Standardise with the standard error, not the raw \sigma:
z = \frac{\bar{x} - \mu}{\sigma/\sqrt{n}} = \frac{68{,}000 - 60{,}000}{4{,}000} = 2.
The empirical
rule tells us about 95% of a normal distribution sits within two standard deviations of
the centre, so only about 2.5% lies above z = 2. There is roughly a
2.5% chance the sample mean exceeds \$68{,}000 — a
genuine, usable probability, computed from skewed income data, entirely on the strength of the CLT.
Watch the bell emerge
The faint curve is a deliberately skewed population — lopsided, with a long
right tail. The bold curve is the distribution of the sample mean
\bar{x}. At n=1 it echoes the skew; raise
n and it pulls into a symmetric, narrow bell centred
at \mu, with width \sigma/\sqrt{n} — exactly
as the theorem promises. Notice two things happening at once: the shape becomes symmetric, and the
bell gets narrower (the 1/\sqrt{n} squeeze). Both are the CLT
at work.
- For large n, the distribution of \bar{x} is approximately normal.
- This holds whatever the population's shape — skewed, bimodal, anything (with finite variance).
- The bell is centred at \mu with standard error \sigma/\sqrt{n}.
- Rule of thumb: n \gtrsim 30 is usually enough; this is why the normal appears everywhere.
This is the single most muddled point about the CLT, so pin it down now. The theorem is about the
distribution of the sample mean \bar{x} — not
about the individual data values. Collecting more data does not make your raw
numbers turn into a bell curve.
Skewed income data stays skewed forever. Survey a million households instead of a hundred and the
histogram of individual incomes is still lopsided with a long rich tail — you have simply
drawn a sharper picture of the same skewed shape. What becomes normal is the distribution of the
average of a sample, imagined over many possible samples. "More data makes it bell-shaped"

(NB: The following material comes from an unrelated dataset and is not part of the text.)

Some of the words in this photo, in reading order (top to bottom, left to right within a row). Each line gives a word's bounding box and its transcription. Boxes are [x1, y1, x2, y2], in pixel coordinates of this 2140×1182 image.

is false; "the averages of samples become bell-shaped" is the truth. Confuse the two and every
conclusion downstream goes wrong.
Very nearly. In the 1800s, statisticians kept finding the same bell curve wherever they looked —
the heights of soldiers, the errors astronomers made measuring a star, the sizes of crops. It
seemed almost supernatural that one shape should govern so much of nature, and some
thinkers came close to treating it as a mystical law of the universe.

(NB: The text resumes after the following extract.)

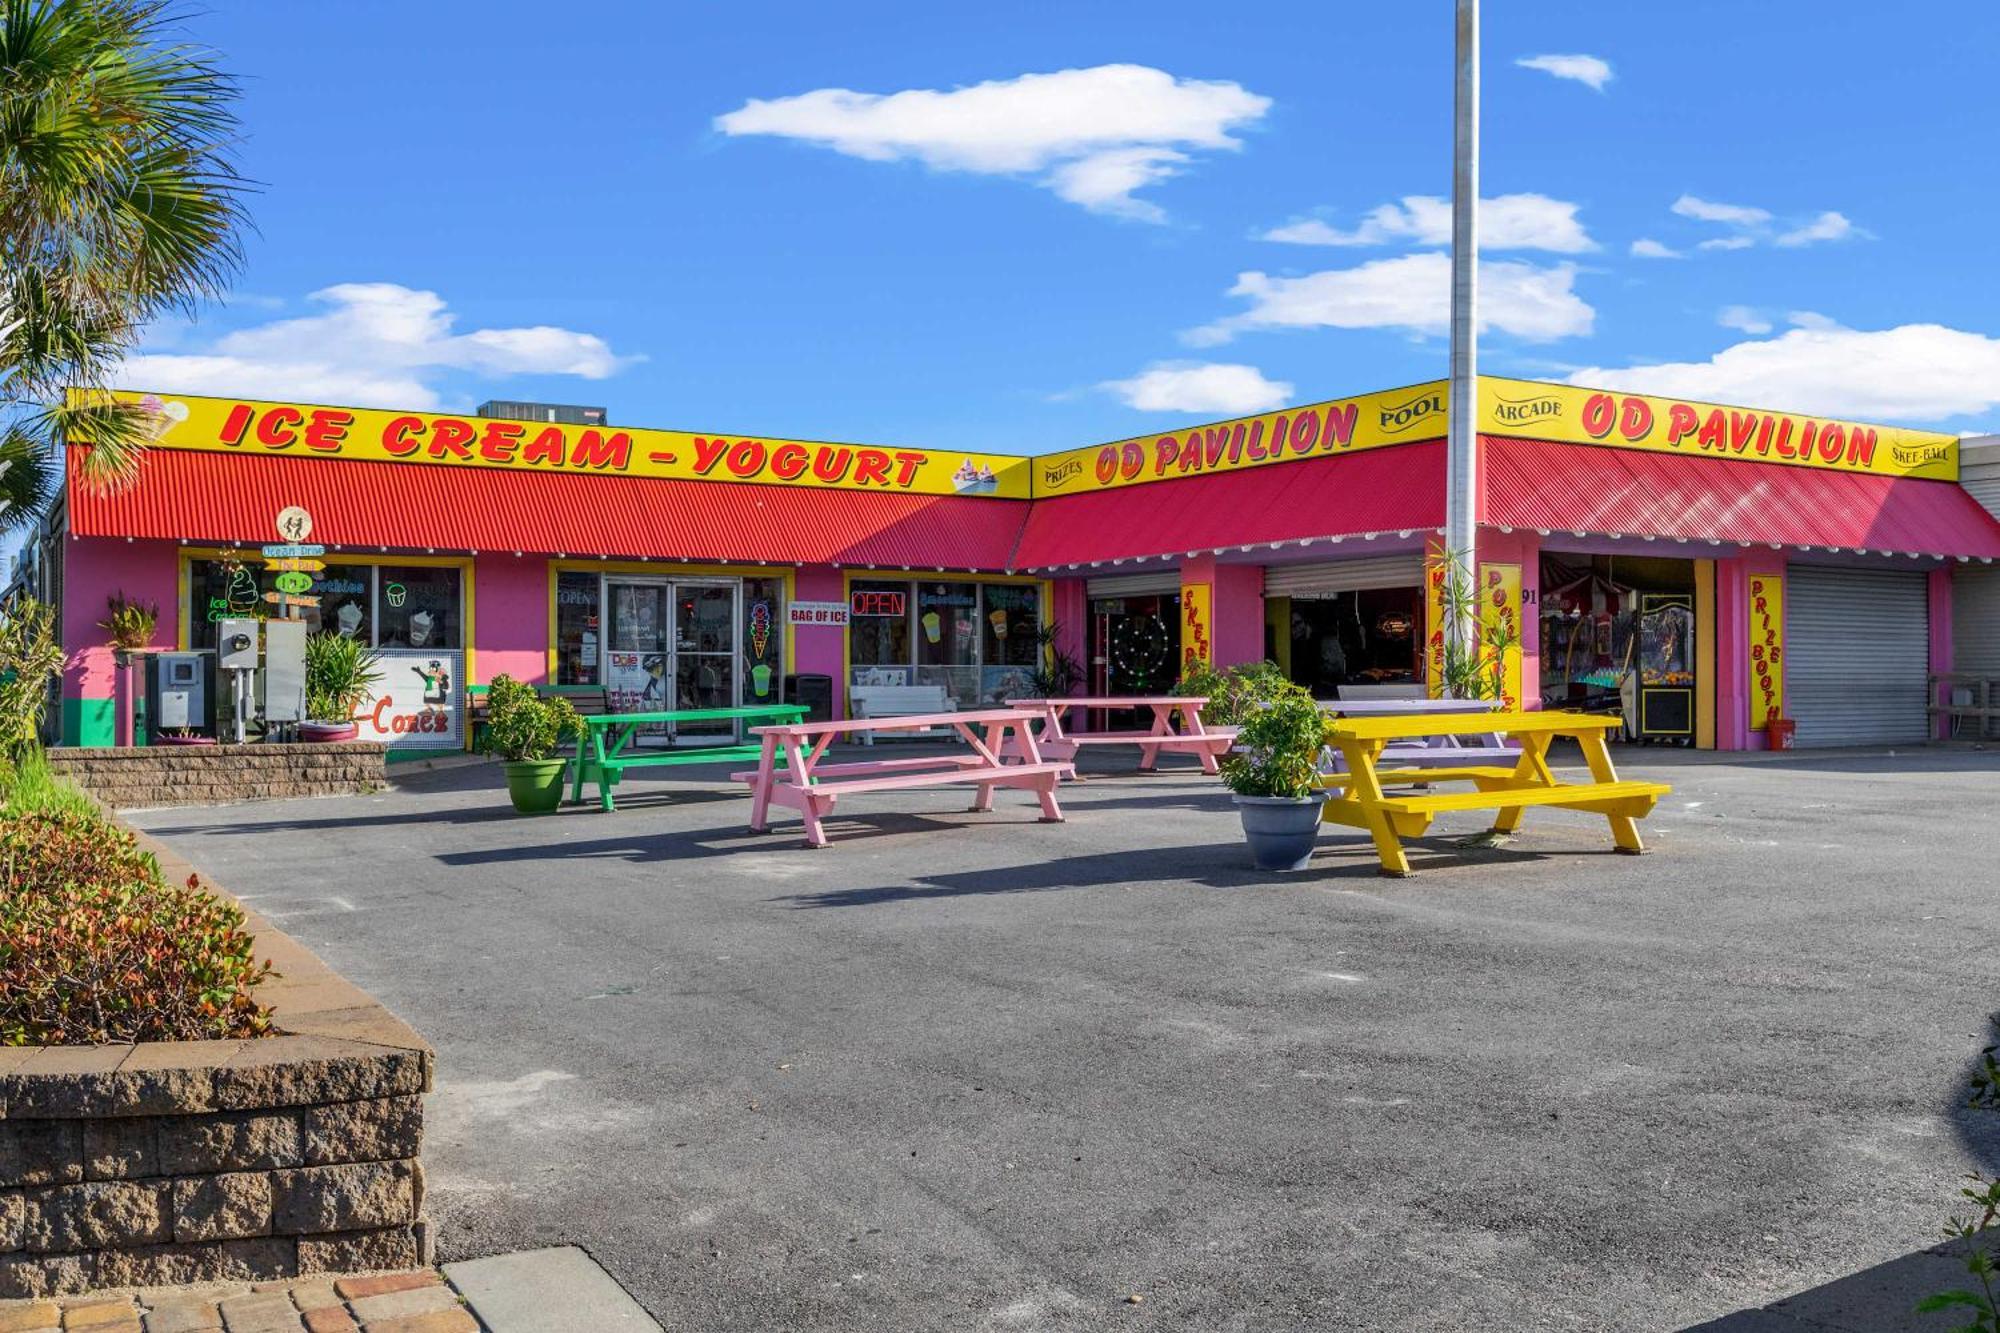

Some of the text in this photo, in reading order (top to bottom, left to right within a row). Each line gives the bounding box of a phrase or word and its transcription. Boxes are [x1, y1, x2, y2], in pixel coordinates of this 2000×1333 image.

The CLT is the down-to-earth reason. Anything that is the sum or average of many small,
independent effects ends up bell-shaped. A person's height is thousands of tiny genetic
and nutritional nudges added together; a measurement error is many little independent slips piled
up. Add enough small random things and you cannot help but get a bell. That is the deep, unifying
reason the normal distribution is everywhere — not magic, but arithmetic.
You can even watch it happen physically. A Galton board (or "quincunx") drops
balls through a triangle of pegs; each peg nudges a ball left or right at random, and the pile at
the bottom — the sum of all those tiny independent nudges — always heaps up into a bell. It is the
central limit theorem you can hold in your hands.